The fact that Malays can draw from so many influences and assimilate so many cultures into our own is not a weakness or something to be ashamed of. And I am not justifying.

Why re-invent the wheel? One trait the Malays have been accused of is that we are lazy. I say, yes. We are lazy. So we think of short cuts. Why suffer? Why crave pain? And then complain about it?

We Malays are a lazy bunch. So we think of ways to make our work easier, whenever possible. And we sure do love parties. Even during demonstrations, Malays are the first to assemble, and the last to go home. Why? Cause we love to par-tay!

And our assimilation of other cultures show an all-embracing acceptance of our role as cosmopolitan citizens of the world. A role everyone should embrace.

We even put that into the constitution. Malays are the only race in the world, perhaps the entire universe, not bound by genetics. Anyone can be a Malay. Doesn't matter if you're Chinese, Indian, mat salleh, Klingon, Vulcan, Jedi, whatever.

You go by the criteria of said constitution, and you are a Malay. For over 50 years, this has been the only way to really eradicate racism - by crossing a boundary no one has ever crossed before. Fuck DNA.

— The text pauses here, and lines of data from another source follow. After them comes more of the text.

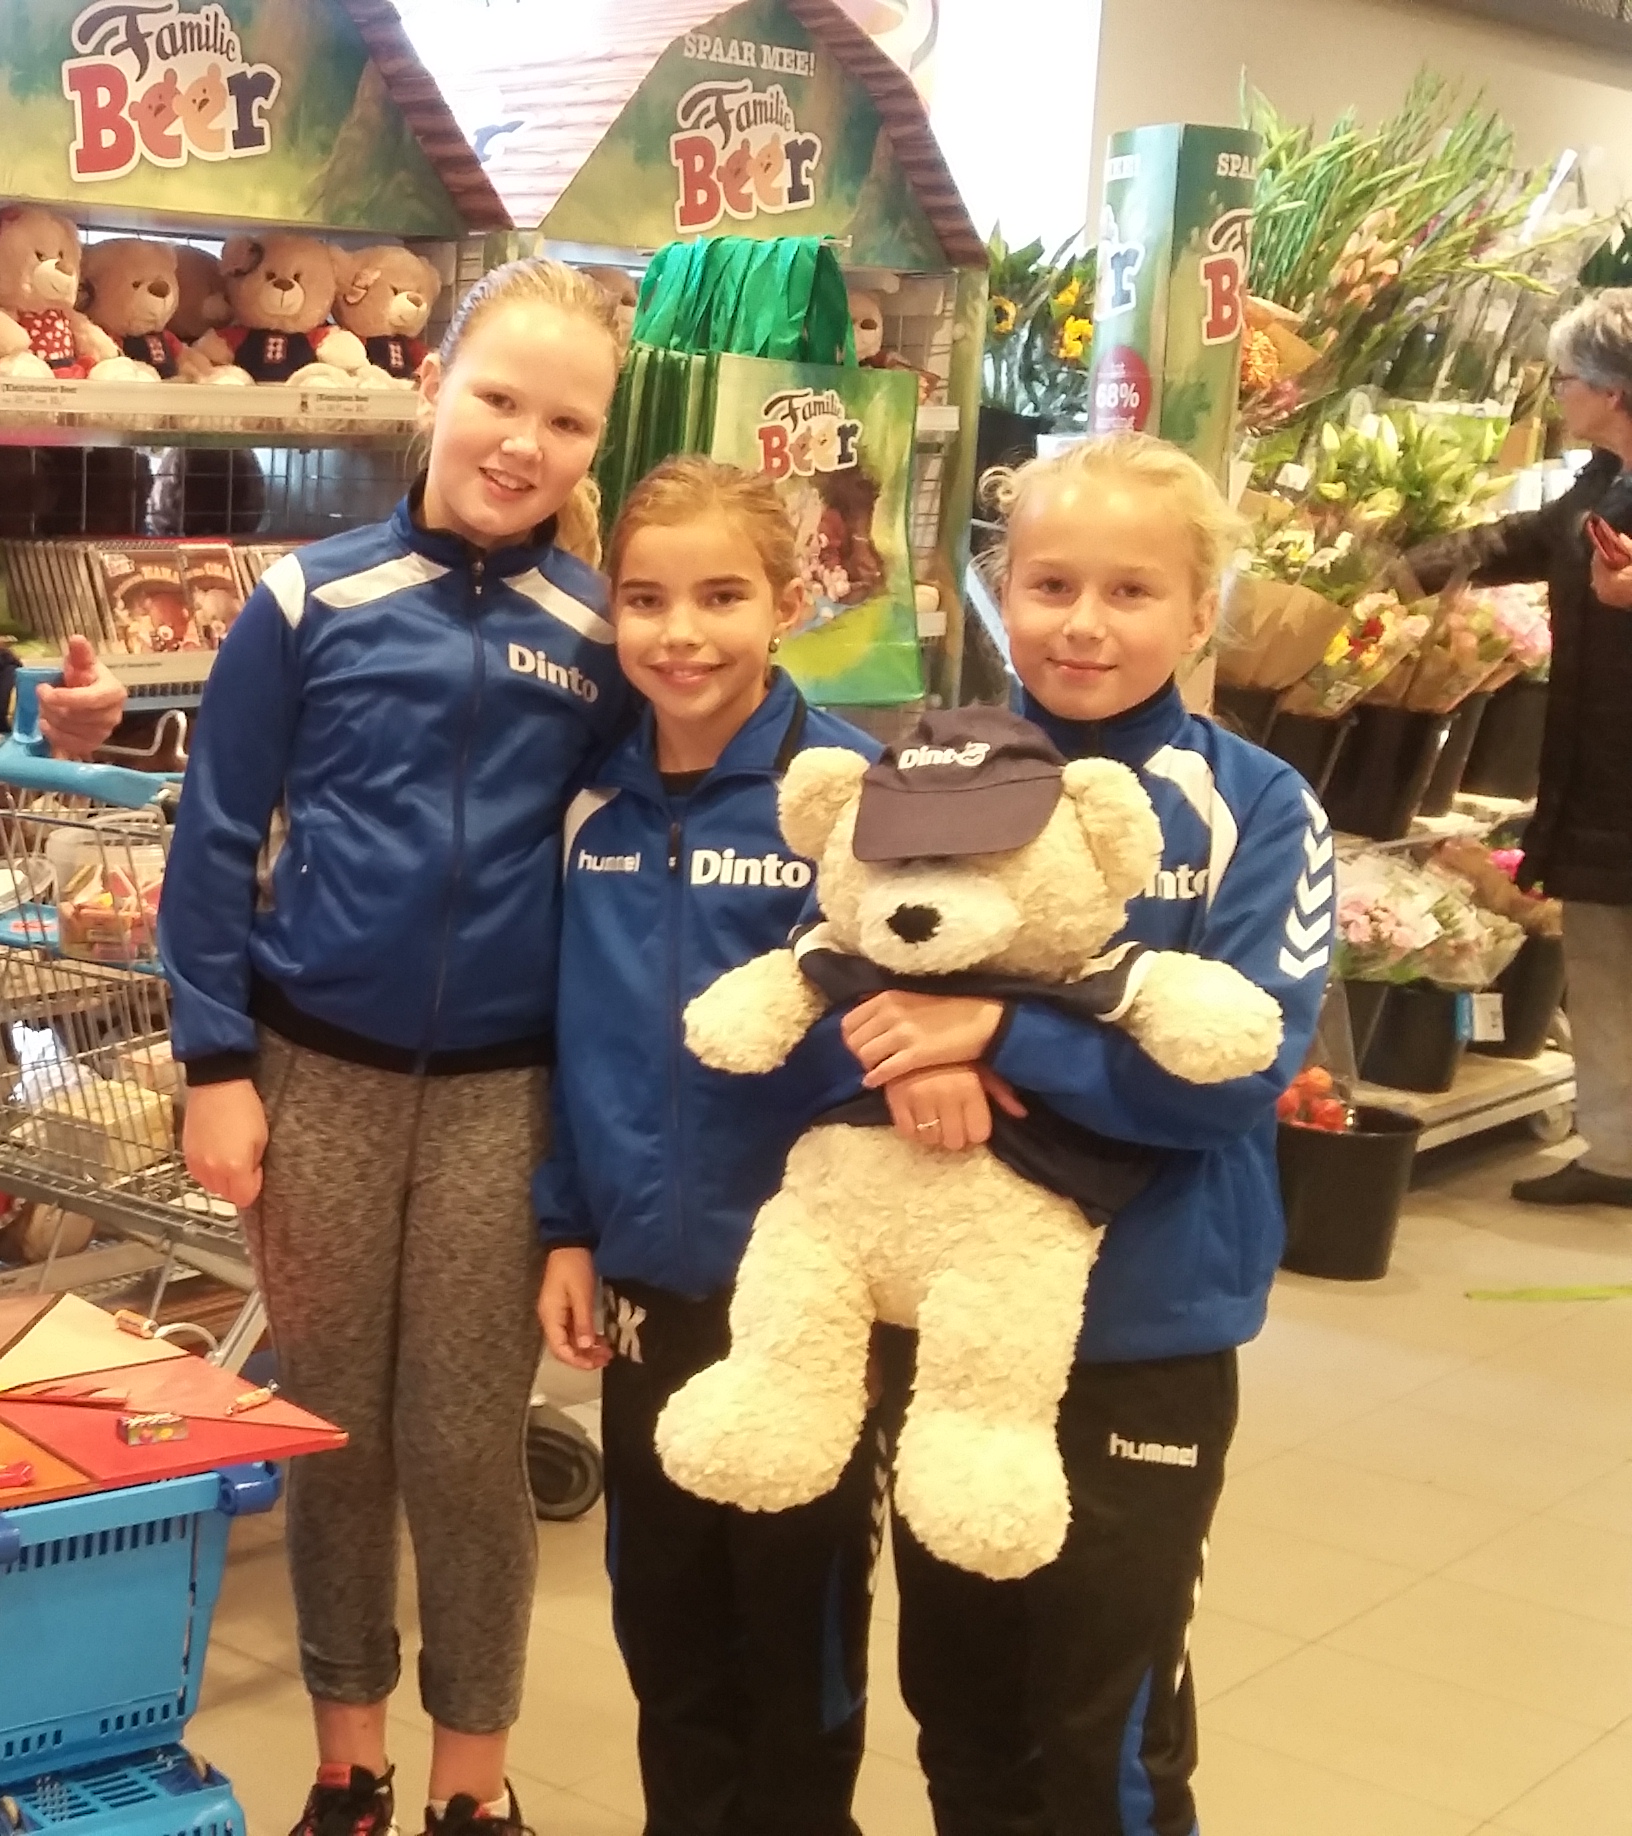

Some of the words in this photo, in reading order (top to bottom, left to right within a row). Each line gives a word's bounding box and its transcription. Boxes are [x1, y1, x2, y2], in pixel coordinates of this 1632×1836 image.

[77, 4, 237, 83] Familie
[682, 33, 757, 68] SPAAR
[761, 44, 816, 77] MEE!
[68, 63, 276, 174] Beer
[681, 84, 792, 150] Familie
[674, 132, 818, 226] Beer
[758, 423, 860, 480] Beer
[508, 641, 599, 703] Dinto
[690, 848, 812, 889] Dinto
[1109, 1431, 1199, 1469] hummel

Why? Because Malays are shape-changing Skrulls(Marvel Comics)! No! We are Borgs(Star Trek)!

As Bruce Lee said, "A rock is hard, but a water, it can be soft, and sometimes it can be hard. SO hard, it can break rocks. Be water, my friend. Be water." SOmething like that.

And yet, somewhere along the way, some of us took a turn somewhere. Instead of embracing other cultures, they resist change and anything which has not been in place for at least a few decades.

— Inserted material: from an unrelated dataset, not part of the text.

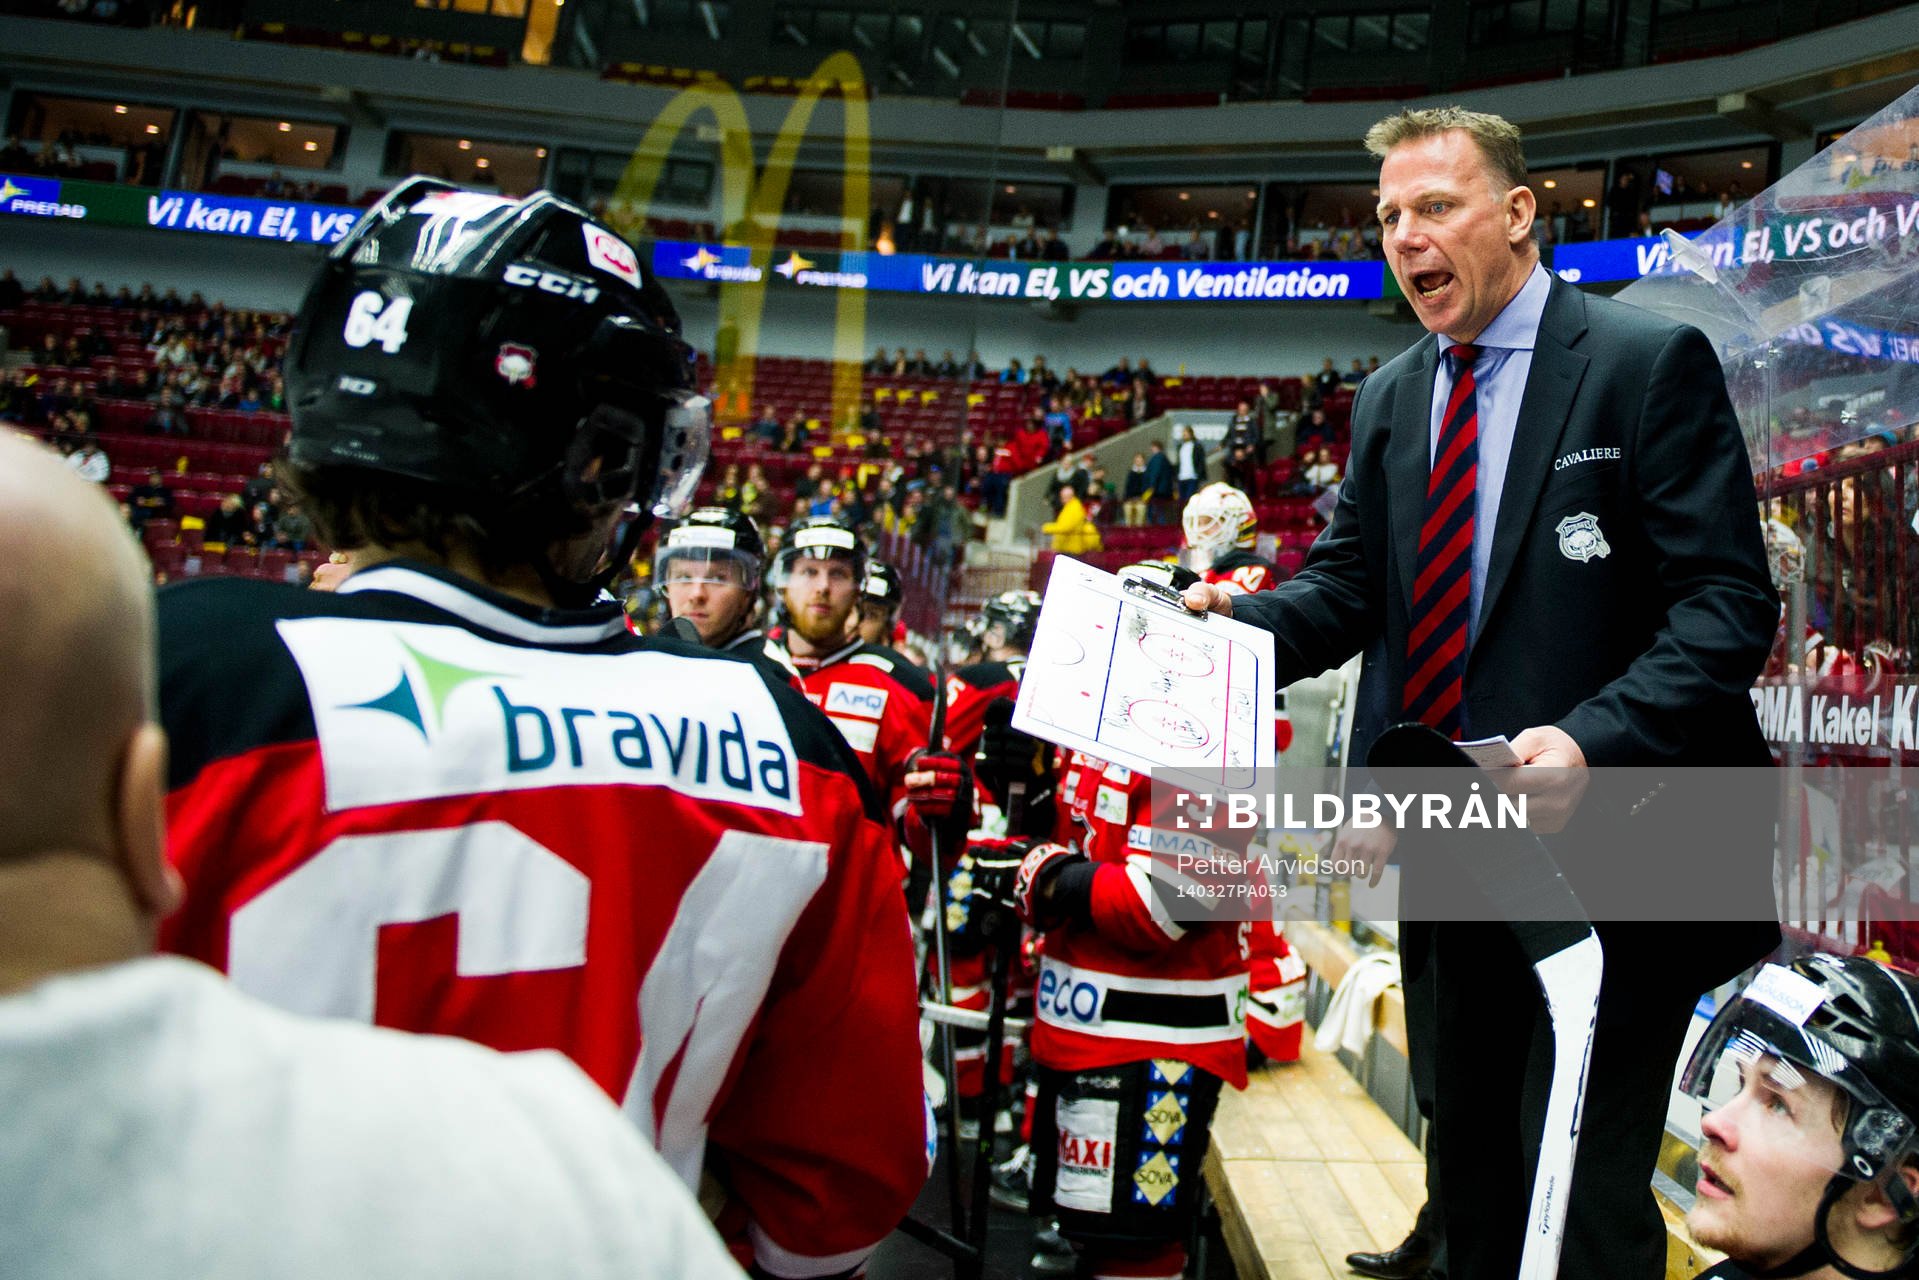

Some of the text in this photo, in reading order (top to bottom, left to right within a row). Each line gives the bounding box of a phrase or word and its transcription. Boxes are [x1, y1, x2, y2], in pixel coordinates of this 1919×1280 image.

Somebody wrote a book about cultural identities, called Routes. It was an answer to Alex Haley's seminal work Roots. The non-fiction book followed a race of Bedouins who supposedly were unchanged with the passage of time.

These desert nomads have, over the years, accumulated different cultural practices based on which area they have been to. And they consider that - a culture of assimilation and absorption - as the one true culture.

And believe it or not, that is the world culture.

Don't tell me the Chinese came up with the British curriculum. Don't tell me Indians invented men's shirts with buttons on the right(a remnant of the past when men dress themselves and women get help from maids. Hence, blouses almost always have the buttons on the left).

Who invented noodles? The Chinese, or Italians? Was Marco Polo the culprit?

If we are truly staying true to our culture, please reject electricity. Faraday, Edison and Tesla and others were the ones responsible. Not Mat Sabu. Not Eddie Kurniawan. Not Joko Suprianto.

What was one day merely invention, may someday be a part of culture. Take the television, very much part of world culture as song and dance.

Mozart did not invent music. Neither did Beethoven, Elvis Presley nor Eminem. And definitely not the Jonas Brothers.

Books were not invented by JK Rowling or Tolstoy.

We all, as humans, share a rich heritage. Don't waste it by fighting over our inheritance, as we are wont to do.